__What to produce__:
A verbatim copy of every record is required, and no pictures should be included.

__Extracted data entries__:
══════

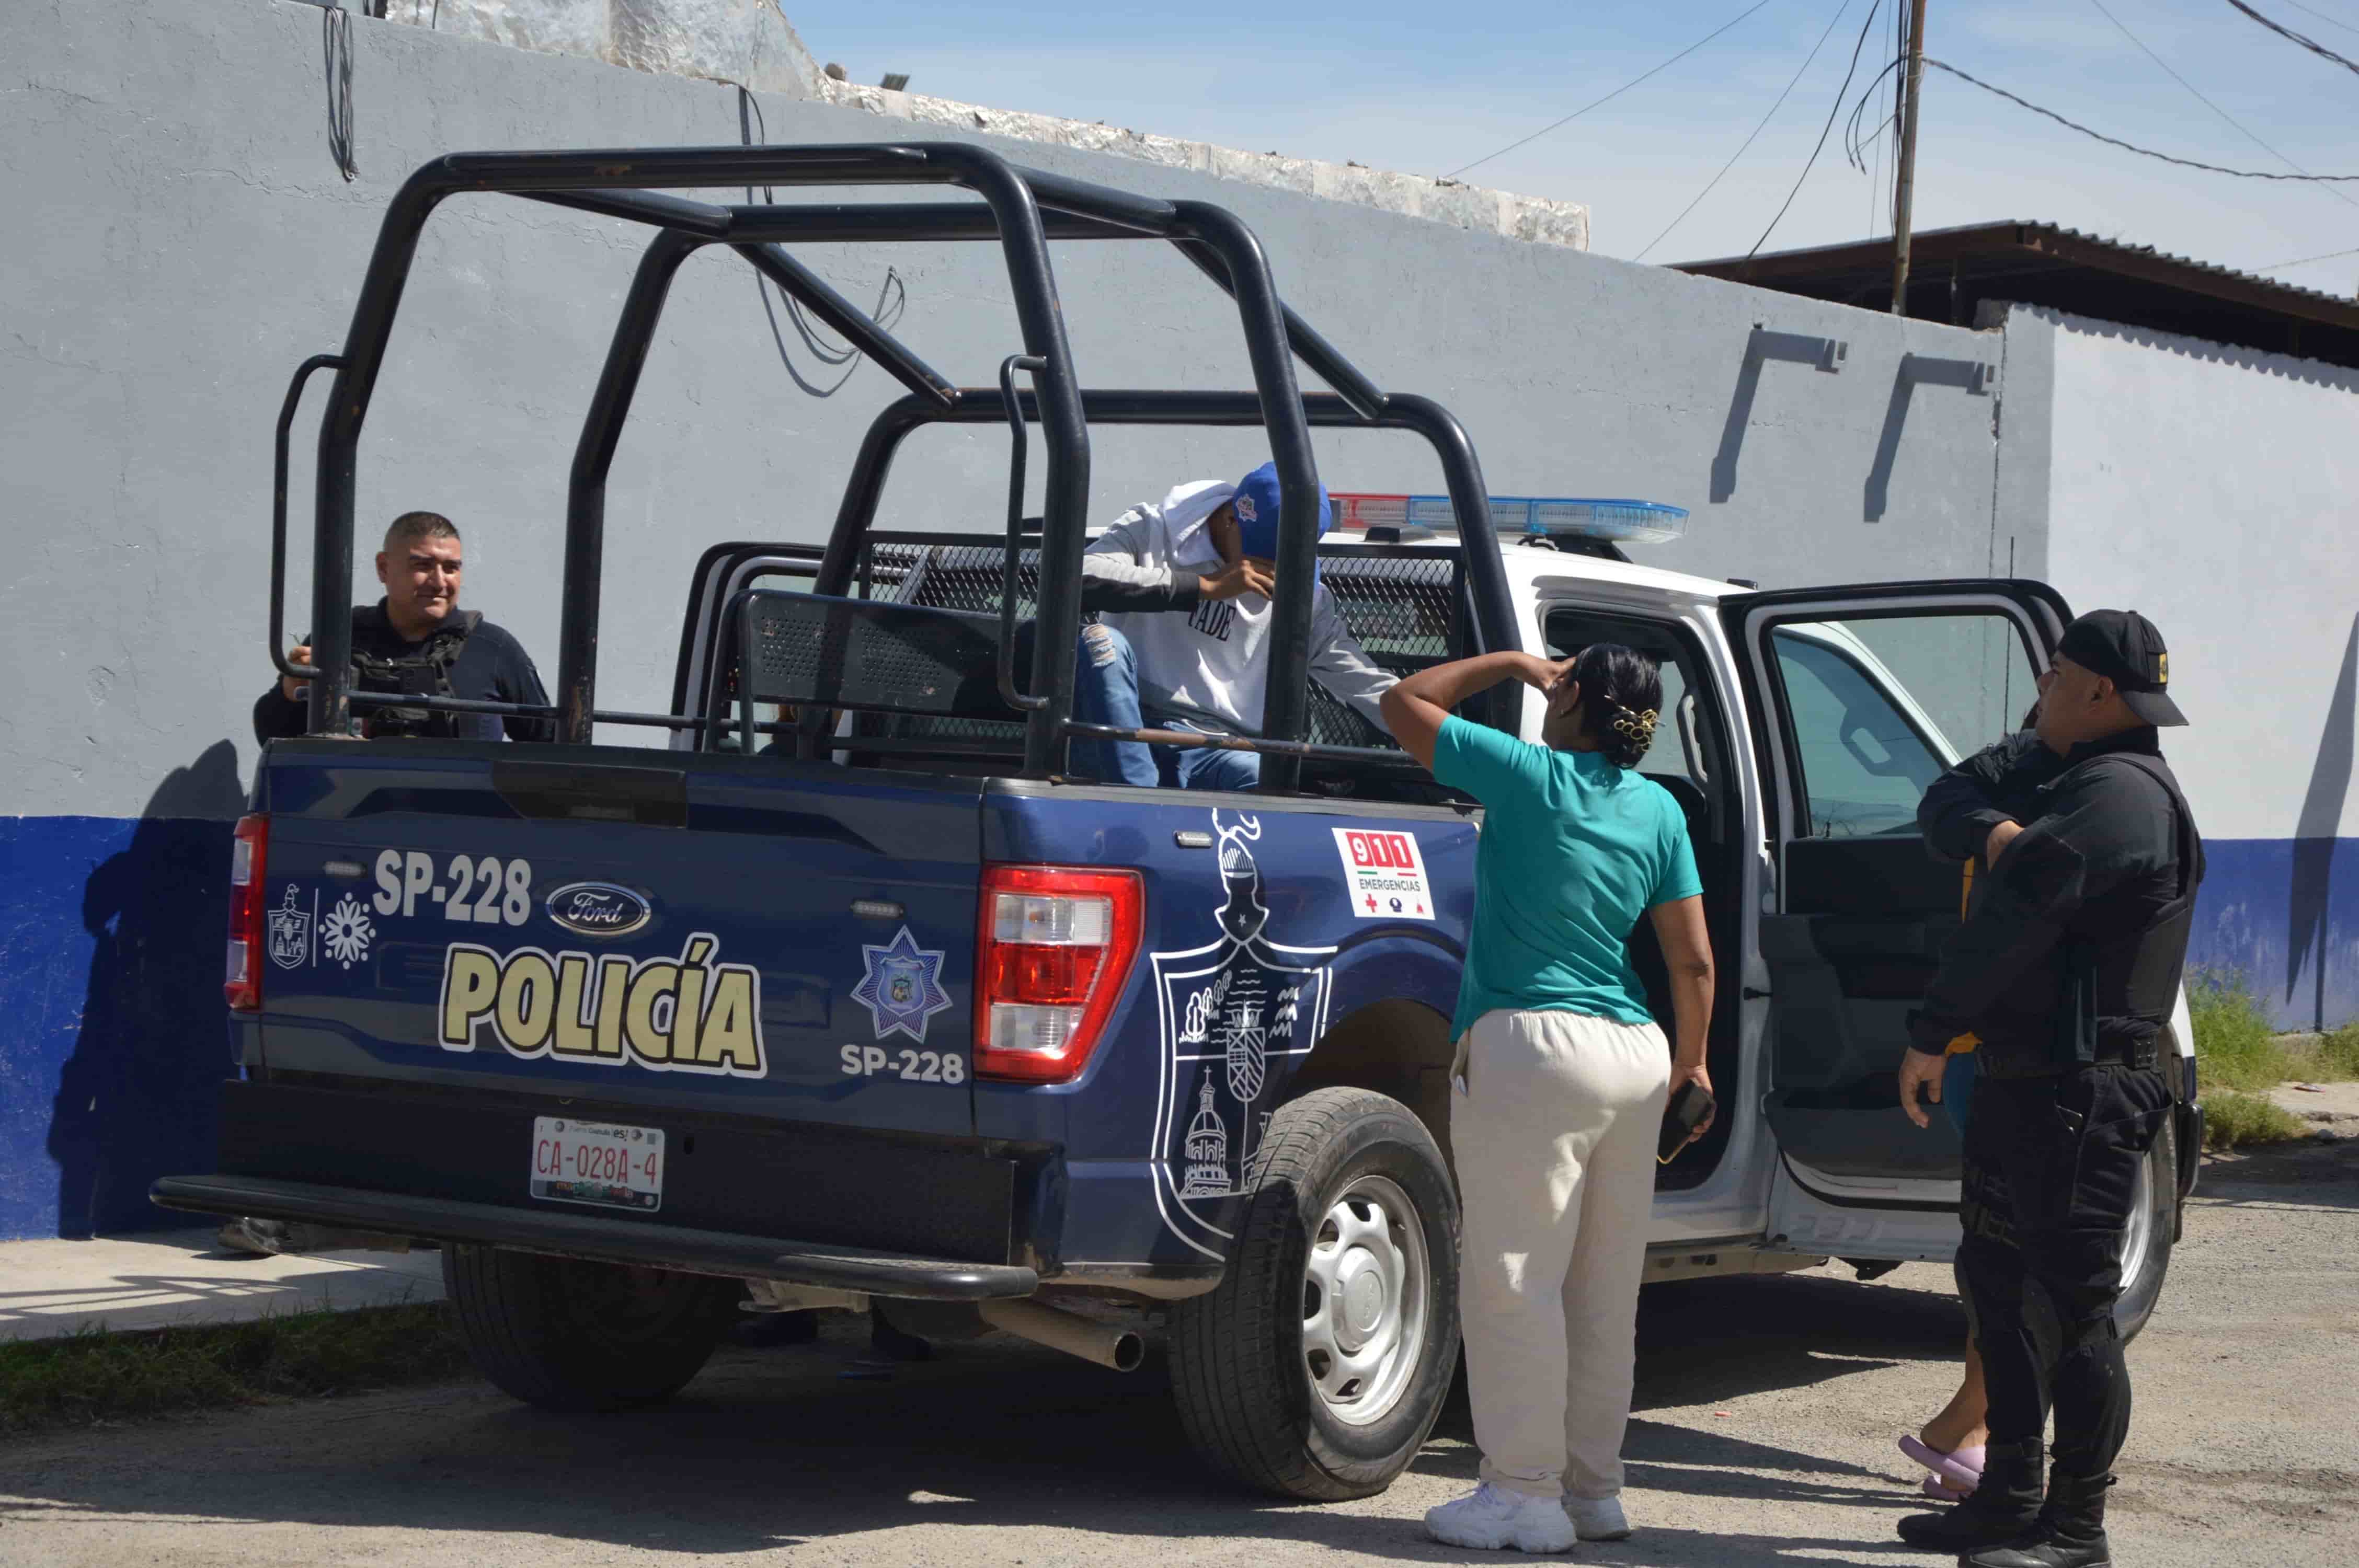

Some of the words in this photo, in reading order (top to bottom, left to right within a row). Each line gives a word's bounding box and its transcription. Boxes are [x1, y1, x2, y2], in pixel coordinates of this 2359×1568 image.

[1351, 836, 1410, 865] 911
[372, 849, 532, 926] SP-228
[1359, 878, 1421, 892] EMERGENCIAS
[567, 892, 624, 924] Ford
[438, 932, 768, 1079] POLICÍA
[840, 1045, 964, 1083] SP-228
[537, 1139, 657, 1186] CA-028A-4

══════

__Reply__:
Some of the words in this photo, in reading order (top to bottom, left to right within a row). Each line gives a word's bounding box and its transcription. Boxes are [x1, y1, x2, y2], in pixel coordinates of this 2359×1568 image.

[1351, 836, 1410, 865] 911
[372, 849, 532, 926] SP-228
[1359, 878, 1421, 892] EMERGENCIAS
[567, 892, 624, 924] Ford
[438, 932, 768, 1079] POLICÍA
[840, 1045, 964, 1083] SP-228
[537, 1139, 657, 1186] CA-028A-4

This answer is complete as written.